タイムスタンプでは、電子ファイルに埋め込まれたハッシュ値(電子的な印鑑のようなもの)を解析することによって、以下を証明することができます。

  1. 電子ファイルがタイムスタンプ押印日から存在していること
  2. 電子ファイルが押印日から改ざんされていないこと

タイムスタンプを提供しているのは一般の民間企業ですが、信頼性を確保するために電子認証局(CA)や日本データ通信協会(JADAC)などの公的機関からの認定を得ることにより事業を行っています。タイムスタンプを提供している主な企業は以下のとおりです。

費用については、会社によって異なりますが、月々定額で1000スタンプまで、あるいは押印数に応じて費用がかかる従量制といった料金体系が一般的です。

知的財産分野での活用

タイムスタンプを押下することにより、その日付に書類が存在していたこと、及び改ざんされていないことの証明となるため日付の証明が大切な先使用権の立証に役立ちます。

先使用権とは、特許の出願日よりも前にその発明と同一の発明を実施していた物は、継続して発明を実施することができるという権利です(特許法第79条)。

また、日々の研究記録にタイムスタンプを押すことで、発明者が会社内にいるときに発明したことが明らかとなり冒認出願の対策にもなり得ます。
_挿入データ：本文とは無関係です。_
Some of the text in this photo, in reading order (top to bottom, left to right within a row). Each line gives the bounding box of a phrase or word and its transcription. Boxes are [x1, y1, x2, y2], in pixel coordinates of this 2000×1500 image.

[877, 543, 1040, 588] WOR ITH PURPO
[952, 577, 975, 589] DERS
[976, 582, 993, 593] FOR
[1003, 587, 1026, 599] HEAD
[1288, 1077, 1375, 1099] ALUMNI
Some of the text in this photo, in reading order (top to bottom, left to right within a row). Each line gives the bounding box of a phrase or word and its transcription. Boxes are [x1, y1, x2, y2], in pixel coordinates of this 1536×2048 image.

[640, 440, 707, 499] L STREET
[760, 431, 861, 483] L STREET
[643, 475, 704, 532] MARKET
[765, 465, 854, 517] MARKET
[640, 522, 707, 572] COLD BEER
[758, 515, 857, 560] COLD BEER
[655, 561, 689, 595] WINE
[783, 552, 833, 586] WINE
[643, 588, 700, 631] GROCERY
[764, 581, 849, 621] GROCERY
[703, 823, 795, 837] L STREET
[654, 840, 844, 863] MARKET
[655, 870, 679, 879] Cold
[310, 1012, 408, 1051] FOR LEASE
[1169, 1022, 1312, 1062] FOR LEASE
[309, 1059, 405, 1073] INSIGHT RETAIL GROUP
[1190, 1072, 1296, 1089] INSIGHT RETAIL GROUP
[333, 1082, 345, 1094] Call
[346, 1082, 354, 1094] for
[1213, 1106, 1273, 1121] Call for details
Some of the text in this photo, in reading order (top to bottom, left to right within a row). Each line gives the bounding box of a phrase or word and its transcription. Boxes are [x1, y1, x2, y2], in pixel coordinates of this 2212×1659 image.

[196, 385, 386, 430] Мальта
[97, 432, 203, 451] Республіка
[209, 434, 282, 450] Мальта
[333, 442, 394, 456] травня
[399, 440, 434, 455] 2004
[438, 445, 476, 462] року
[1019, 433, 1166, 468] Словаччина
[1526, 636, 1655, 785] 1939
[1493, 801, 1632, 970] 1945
具体的には、取引先に秘密保持契約を締結して新製品を情報開示したが、取引先がその特許を出願してしまったとき、新製品に関する情報はその特許の出願日よりも前に取引先の会社とは別の会社に存在していたことが証明できます。この主張が認められると、特許権登録後に相手に対して移転登録を求めることができます(特許法第74条)。

さらに、営業秘密情報にタイムスタンプを押下することにより、押印日に社内で文書が存在したことを証明できるため、証拠ねつ造などの疑いを晴らすことができます。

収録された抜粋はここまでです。